Exact copies of all the records are to be output.

Data extracted from a collection:
+--

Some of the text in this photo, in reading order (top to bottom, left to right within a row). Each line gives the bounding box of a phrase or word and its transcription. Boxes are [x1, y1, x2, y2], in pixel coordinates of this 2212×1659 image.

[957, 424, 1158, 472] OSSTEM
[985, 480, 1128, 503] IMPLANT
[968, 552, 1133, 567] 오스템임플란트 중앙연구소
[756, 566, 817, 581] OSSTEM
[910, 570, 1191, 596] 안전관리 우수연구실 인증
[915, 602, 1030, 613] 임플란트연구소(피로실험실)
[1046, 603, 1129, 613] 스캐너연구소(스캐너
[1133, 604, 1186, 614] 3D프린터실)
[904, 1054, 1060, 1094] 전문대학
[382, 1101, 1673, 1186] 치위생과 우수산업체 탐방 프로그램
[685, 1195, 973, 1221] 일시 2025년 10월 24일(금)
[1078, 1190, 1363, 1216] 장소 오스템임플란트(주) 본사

+--

Result:
Some of the text in this photo, in reading order (top to bottom, left to right within a row). Each line gives the bounding box of a phrase or word and its transcription. Boxes are [x1, y1, x2, y2], in pixel coordinates of this 2212×1659 image.

[957, 424, 1158, 472] OSSTEM
[985, 480, 1128, 503] IMPLANT
[968, 552, 1133, 567] 오스템임플란트 중앙연구소
[756, 566, 817, 581] OSSTEM
[910, 570, 1191, 596] 안전관리 우수연구실 인증
[915, 602, 1030, 613] 임플란트연구소(피로실험실)
[1046, 603, 1129, 613] 스캐너연구소(스캐너
[1133, 604, 1186, 614] 3D프린터실)
[904, 1054, 1060, 1094] 전문대학
[382, 1101, 1673, 1186] 치위생과 우수산업체 탐방 프로그램
[685, 1195, 973, 1221] 일시 2025년 10월 24일(금)
[1078, 1190, 1363, 1216] 장소 오스템임플란트(주) 본사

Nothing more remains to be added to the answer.